Try it: Could you repeat all of the entries exactly, leaving out any pictures?
________________________________________
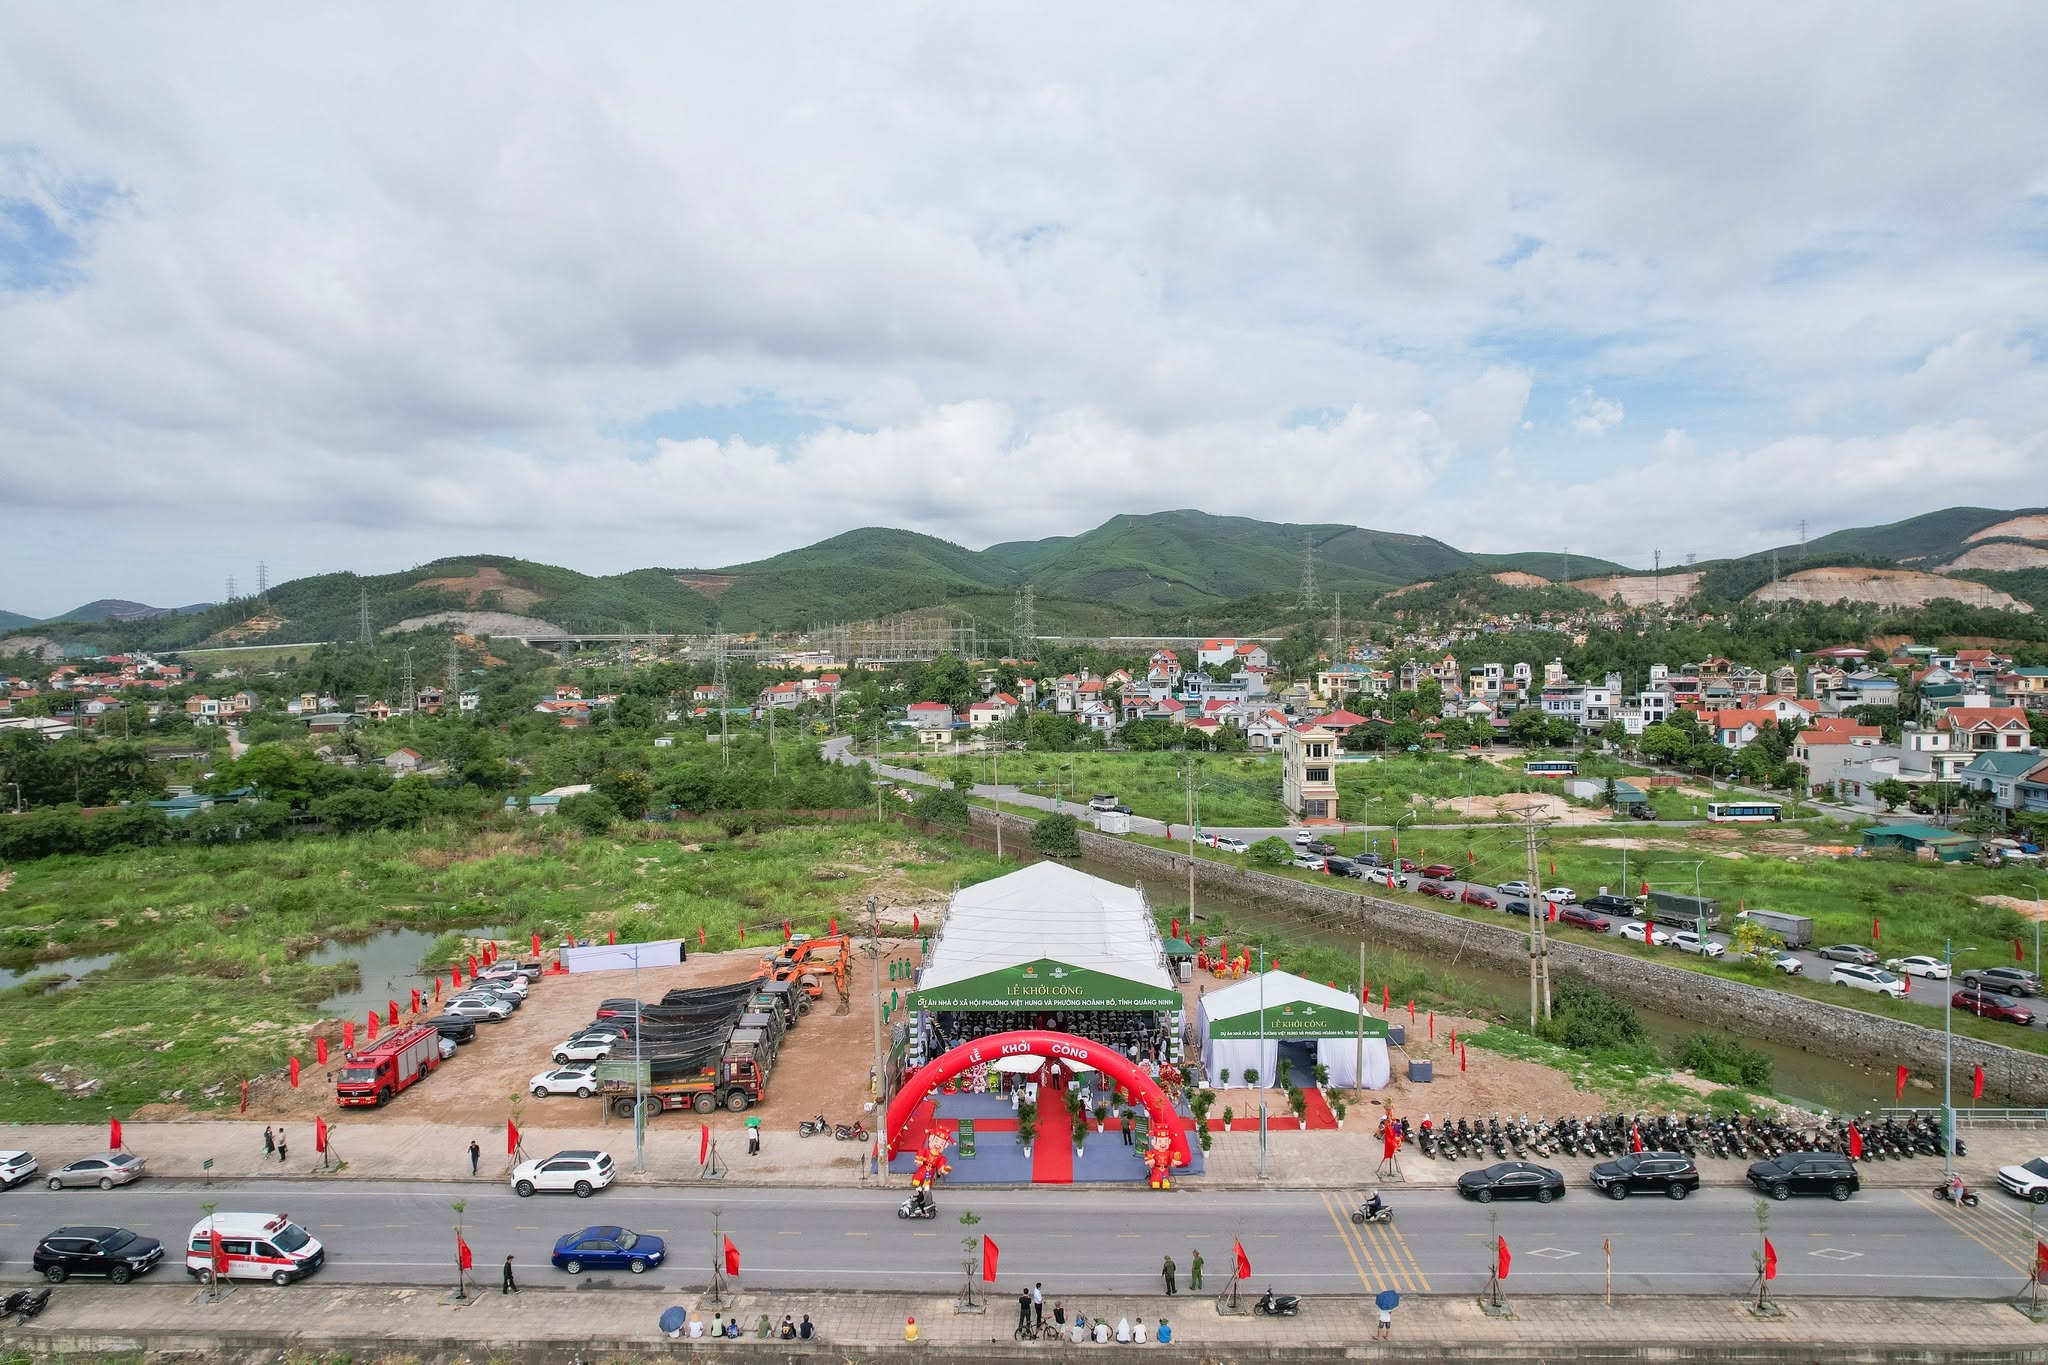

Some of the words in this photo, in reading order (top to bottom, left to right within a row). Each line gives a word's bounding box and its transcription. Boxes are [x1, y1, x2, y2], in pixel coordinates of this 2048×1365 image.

[1023, 984, 1049, 995] KHỞI
[1052, 985, 1083, 995] CÔNG
[938, 998, 952, 1006] NHÀ
[969, 999, 981, 1007] HỘI
[982, 998, 1008, 1006] PHƯỜNG
[1009, 999, 1023, 1007] VIỆT
[1043, 998, 1052, 1006] VÀ
[1053, 998, 1080, 1006] PHƯỜNG
[1082, 998, 1105, 1006] HOÀNH
[1118, 998, 1133, 1006] TỈNH
[1133, 998, 1157, 1006] QUẢNG
[1282, 1019, 1303, 1028] KHỞI
[1304, 1020, 1327, 1028] CÔNG
[969, 1048, 982, 1063] LỄ
[1001, 1040, 1031, 1054] KHỞI
[1051, 1043, 1088, 1059] CÔNG
________________________________________
Answer to the problem:
Some of the words in this photo, in reading order (top to bottom, left to right within a row). Each line gives a word's bounding box and its transcription. Boxes are [x1, y1, x2, y2], in pixel coordinates of this 2048×1365 image.

[1023, 984, 1049, 995] KHỞI
[1052, 985, 1083, 995] CÔNG
[938, 998, 952, 1006] NHÀ
[969, 999, 981, 1007] HỘI
[982, 998, 1008, 1006] PHƯỜNG
[1009, 999, 1023, 1007] VIỆT
[1043, 998, 1052, 1006] VÀ
[1053, 998, 1080, 1006] PHƯỜNG
[1082, 998, 1105, 1006] HOÀNH
[1118, 998, 1133, 1006] TỈNH
[1133, 998, 1157, 1006] QUẢNG
[1282, 1019, 1303, 1028] KHỞI
[1304, 1020, 1327, 1028] CÔNG
[969, 1048, 982, 1063] LỄ
[1001, 1040, 1031, 1054] KHỞI
[1051, 1043, 1088, 1059] CÔNG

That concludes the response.